▸ **ENTRIES SUPPLIED**:
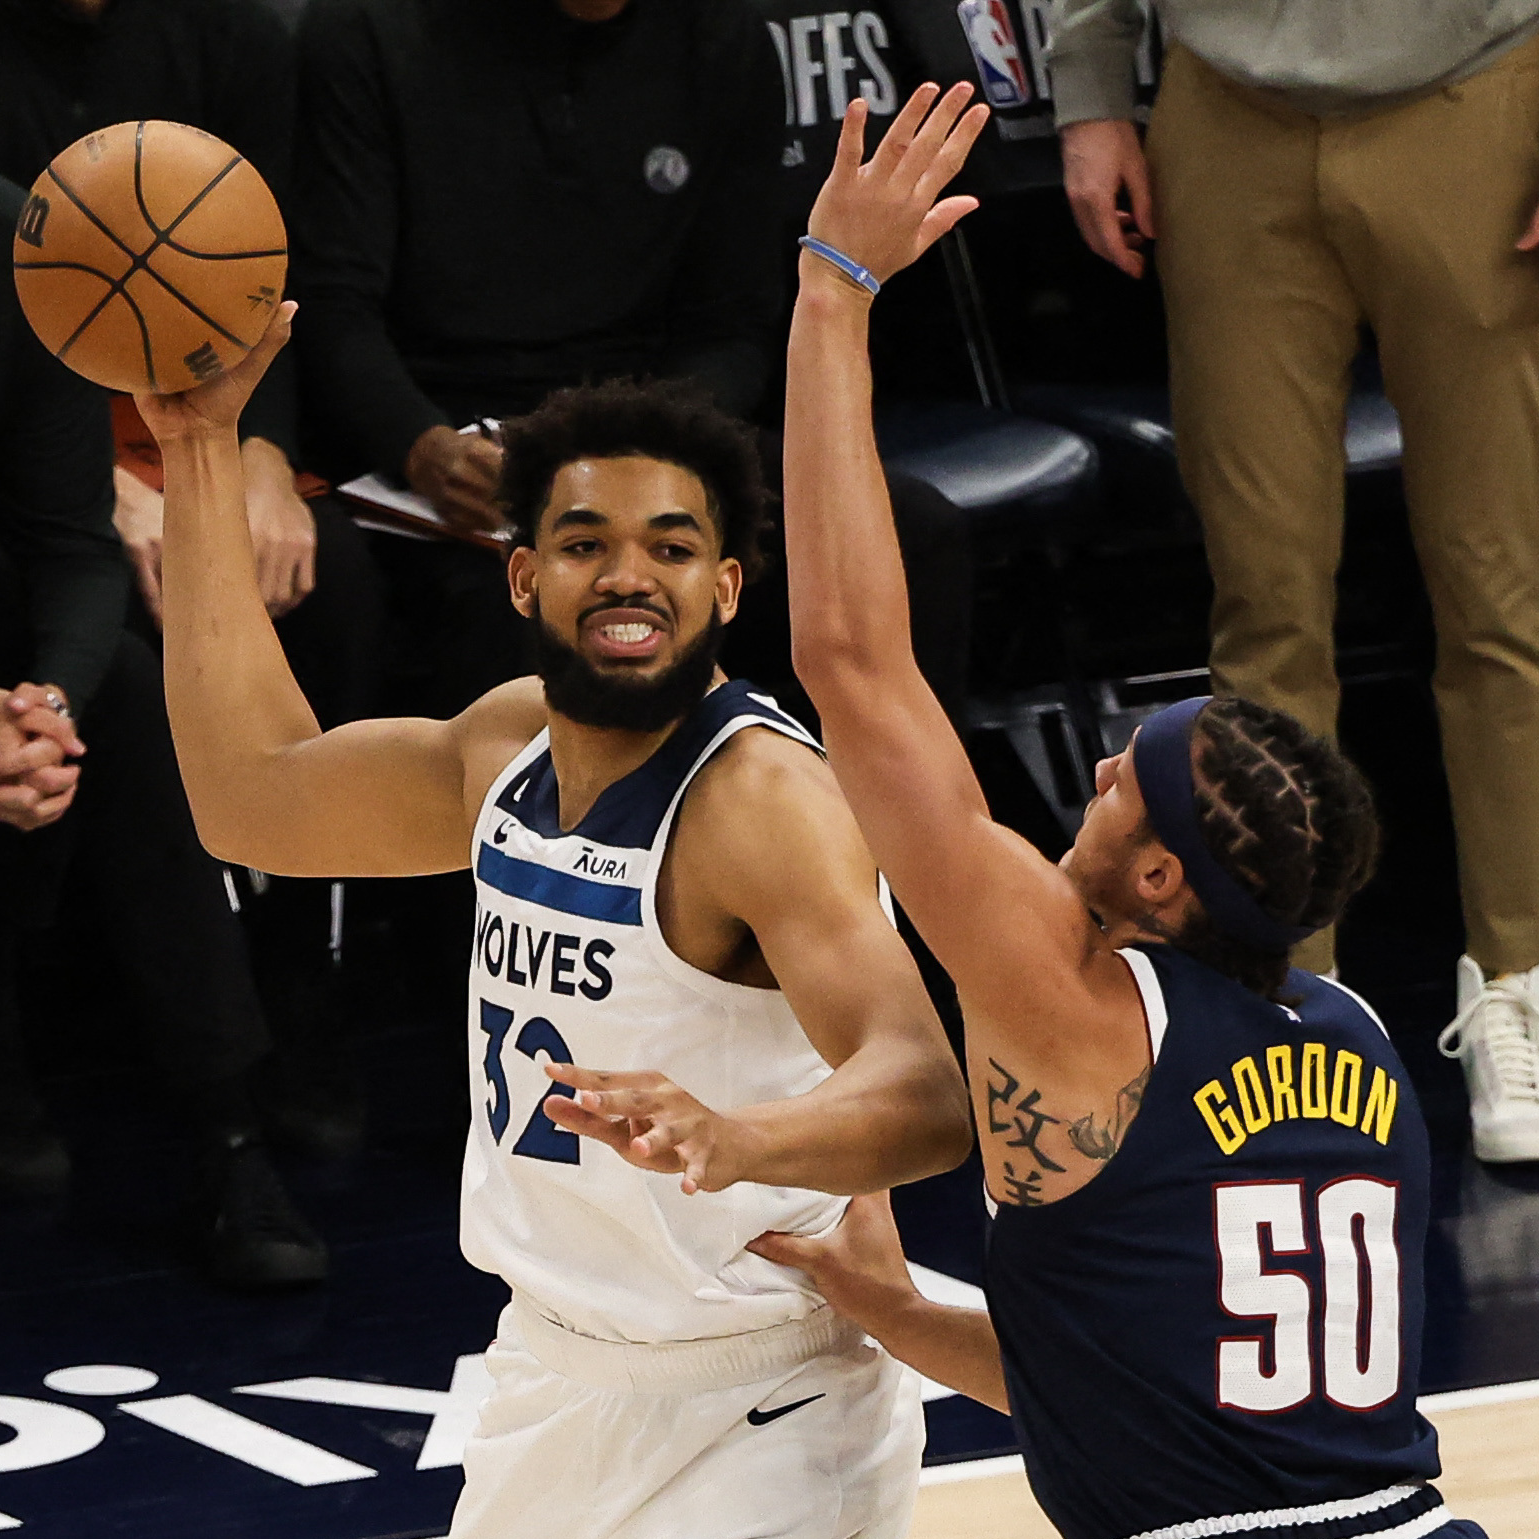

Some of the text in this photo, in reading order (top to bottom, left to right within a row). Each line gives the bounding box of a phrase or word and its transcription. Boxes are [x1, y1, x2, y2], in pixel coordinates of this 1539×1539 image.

[766, 10, 898, 127] FFS
[479, 997, 580, 1165] 32
[1192, 1042, 1399, 1157] GORDON
[1211, 1173, 1402, 1416] 50

▸ **WORK INSTRUCTION**: Would you copy out every entry above word for word, without the pictures?

▸ **TASK RESPONSE**:
Some of the text in this photo, in reading order (top to bottom, left to right within a row). Each line gives the bounding box of a phrase or word and its transcription. Boxes are [x1, y1, x2, y2], in pixel coordinates of this 1539×1539 image.

[766, 10, 898, 127] FFS
[479, 997, 580, 1165] 32
[1192, 1042, 1399, 1157] GORDON
[1211, 1173, 1402, 1416] 50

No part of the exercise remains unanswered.